• WHAT IS REQUIRED: Omitting every picture, copy the lines from the one that contains "this 1280×1707 image." through the last line of the records below, exactly and with nothing added.

BEGIN TASK INPUTS

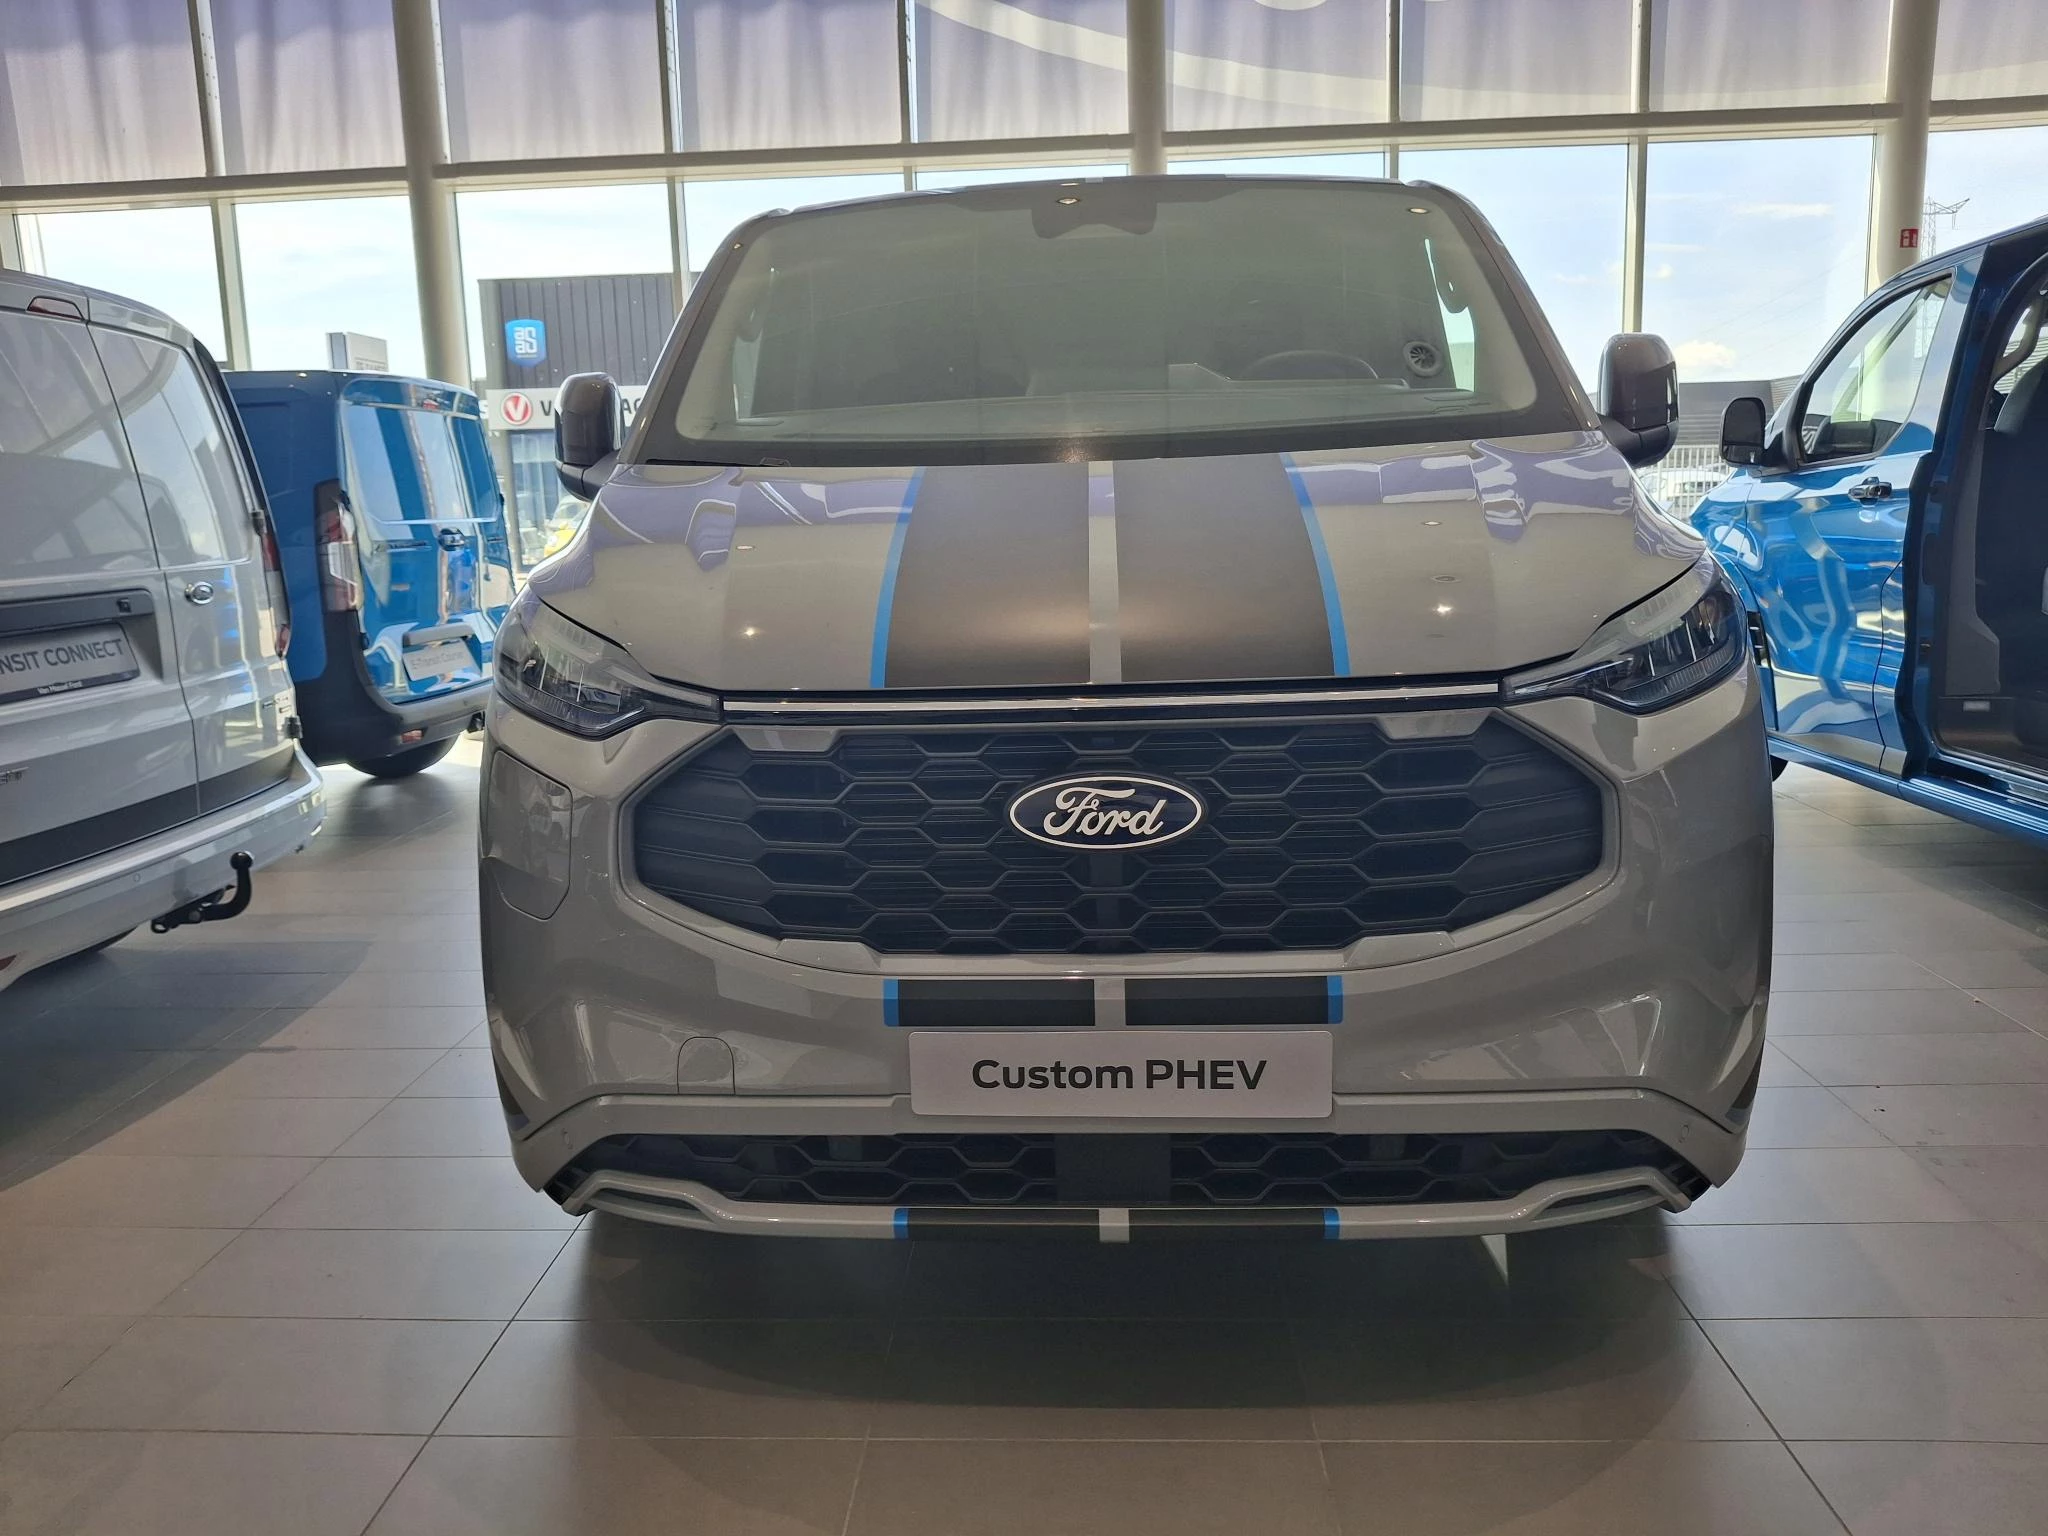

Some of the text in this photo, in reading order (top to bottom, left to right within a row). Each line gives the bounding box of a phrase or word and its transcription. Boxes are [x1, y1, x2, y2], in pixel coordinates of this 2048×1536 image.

[0, 638, 123, 675] NSIT CONNECT
[1043, 786, 1167, 836] Ford
[972, 1059, 1267, 1090] Custom PHEV
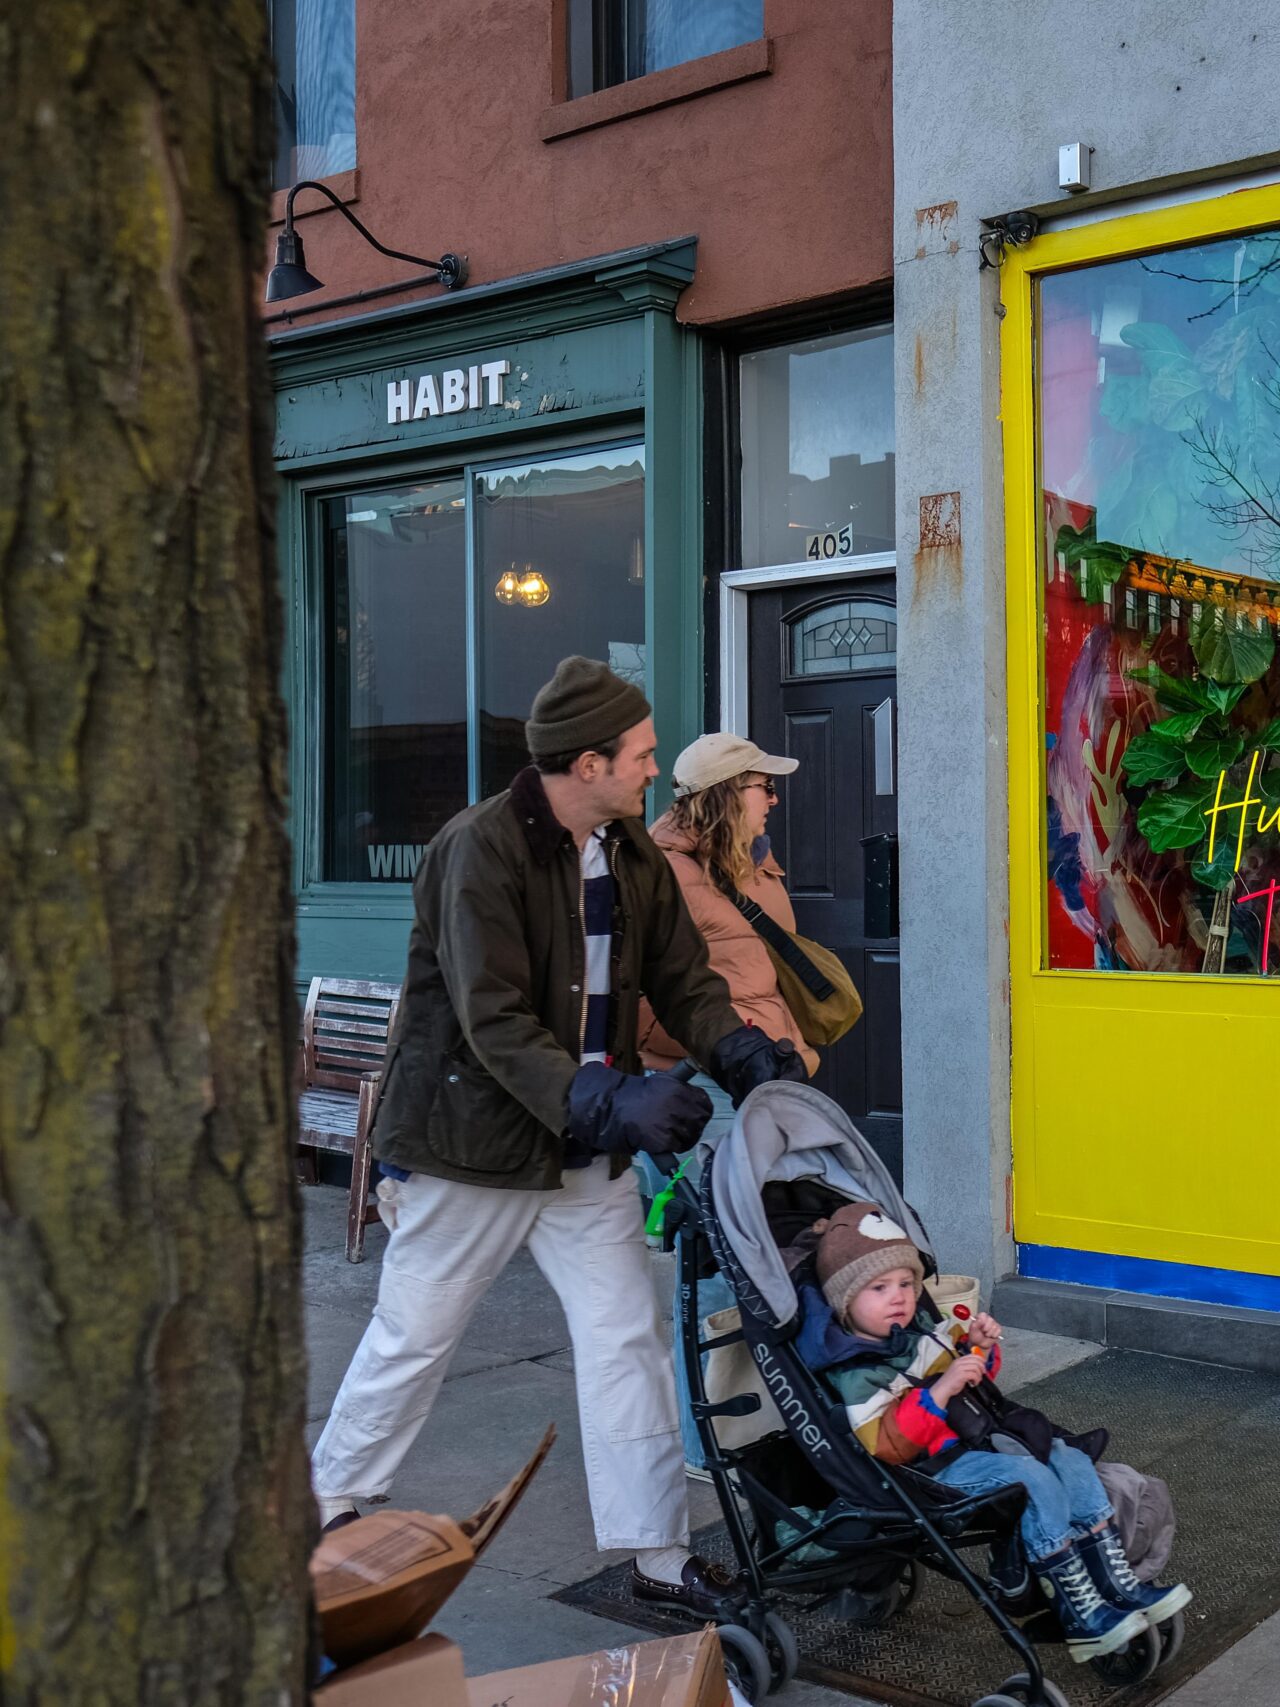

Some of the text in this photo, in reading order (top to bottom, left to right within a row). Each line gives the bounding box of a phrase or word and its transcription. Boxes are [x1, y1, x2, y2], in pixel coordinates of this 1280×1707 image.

[387, 360, 510, 425] HABIT
[808, 526, 852, 561] 405
[367, 844, 432, 878] WIN
[753, 1343, 832, 1453] summer
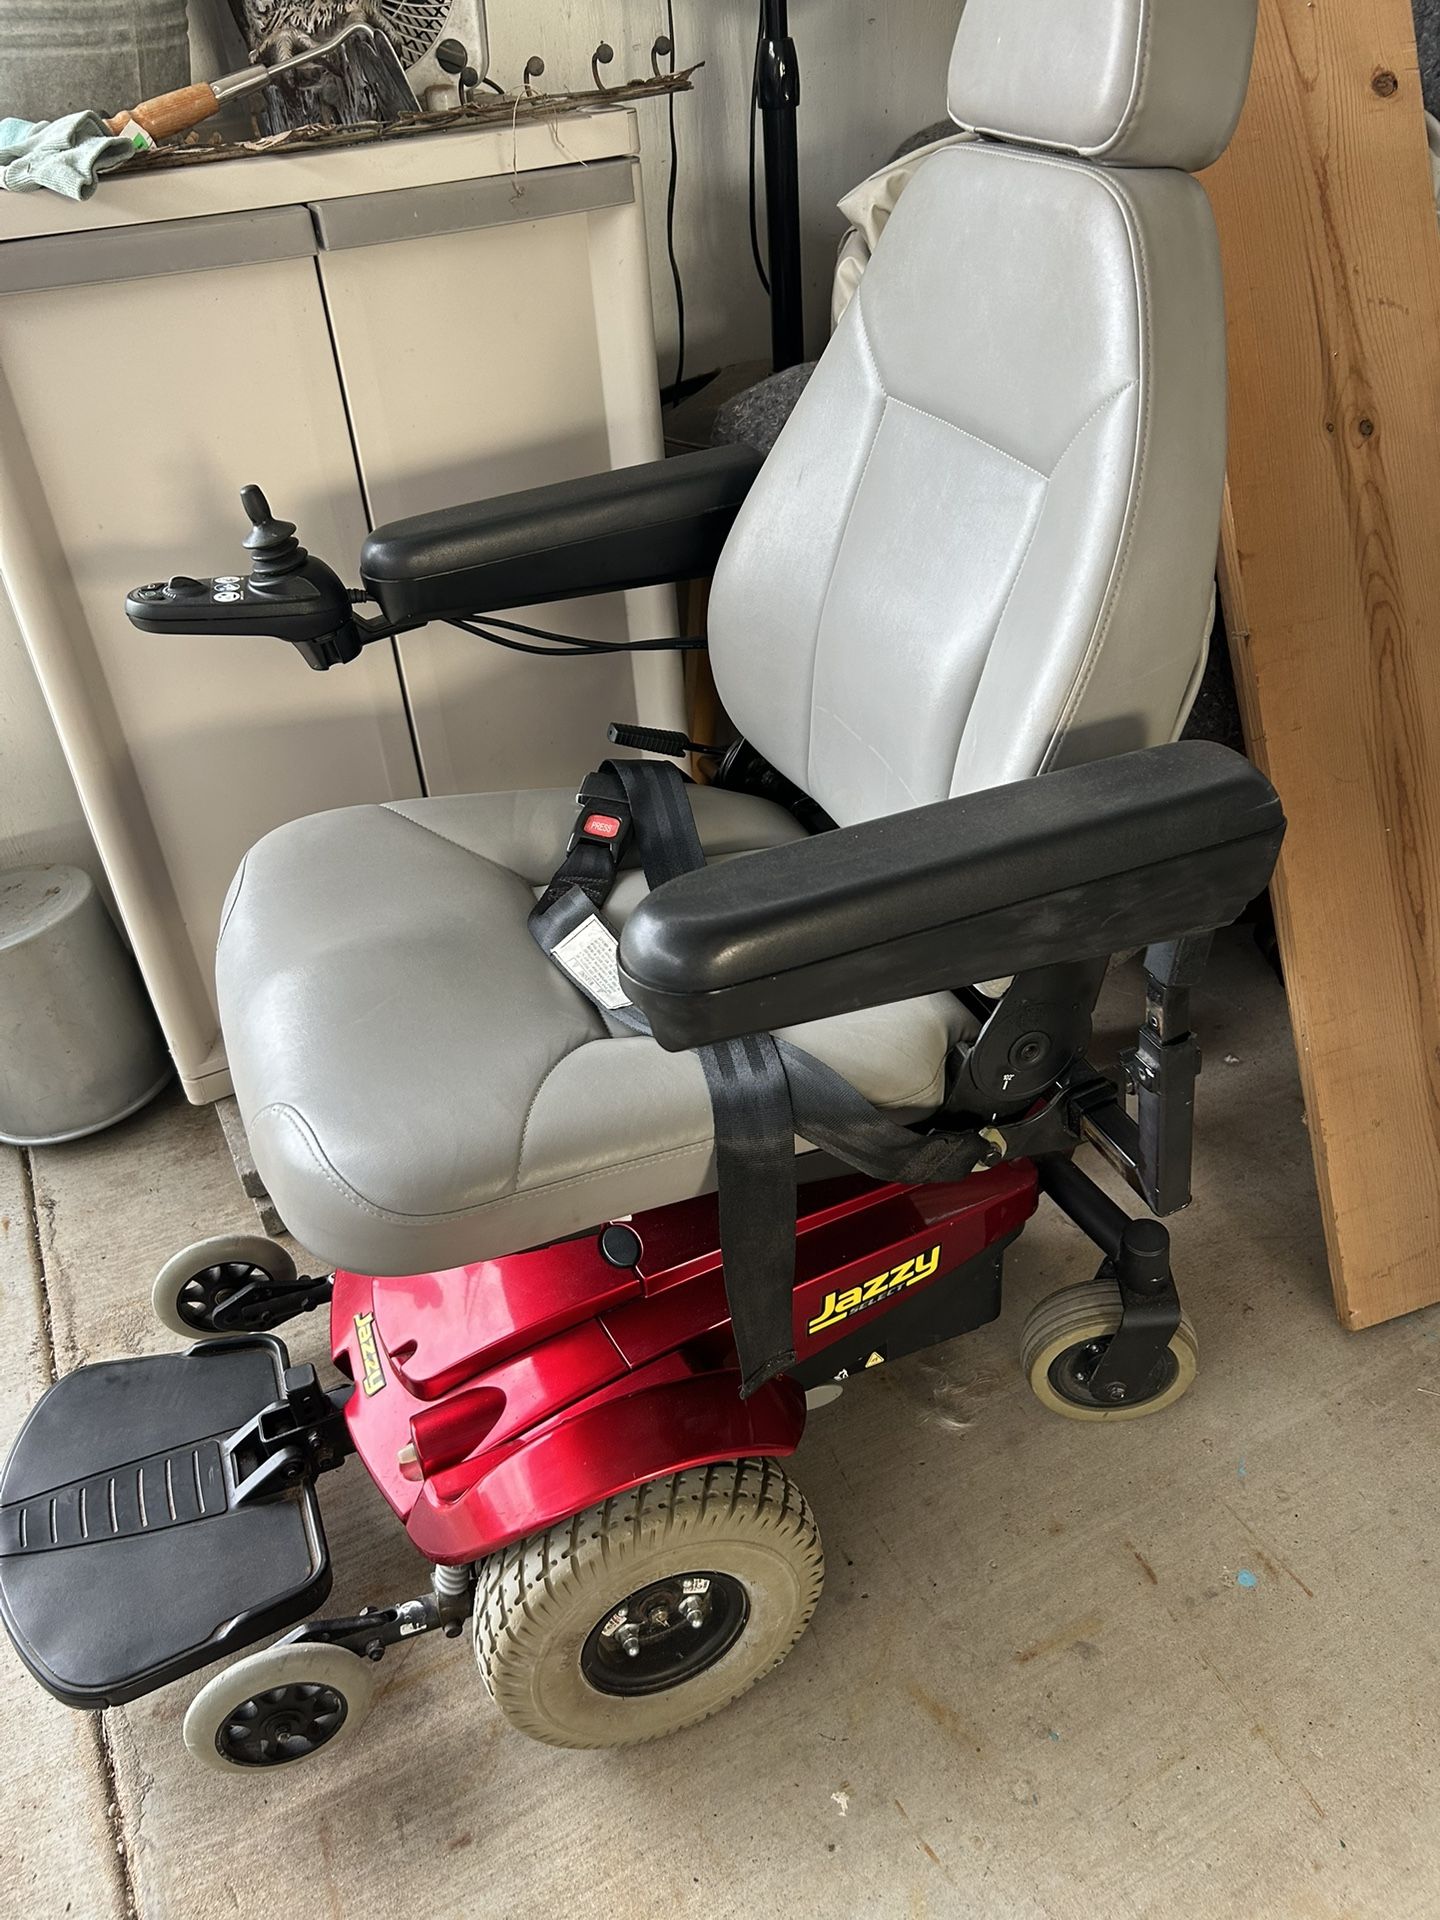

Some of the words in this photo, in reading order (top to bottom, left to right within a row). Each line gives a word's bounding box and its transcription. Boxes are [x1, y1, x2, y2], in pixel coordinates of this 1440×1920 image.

END TASK INPUTS

• REPLY TO THE EXERCISE:
Some of the text in this photo, in reading order (top to bottom, left to right within a row). Each line gives the bounding box of a phrase or word and its transcription. Boxes are [x1, y1, x2, y2], in pixel coordinates of this 1280×1707 image.

[387, 360, 510, 425] HABIT
[808, 526, 852, 561] 405
[367, 844, 432, 878] WIN
[753, 1343, 832, 1453] summer

Some of the words in this photo, in reading order (top to bottom, left to right within a row). Each line gives a word's bounding box and its transcription. Boxes are [x1, y1, x2, y2], in pixel coordinates of this 1440×1920 image.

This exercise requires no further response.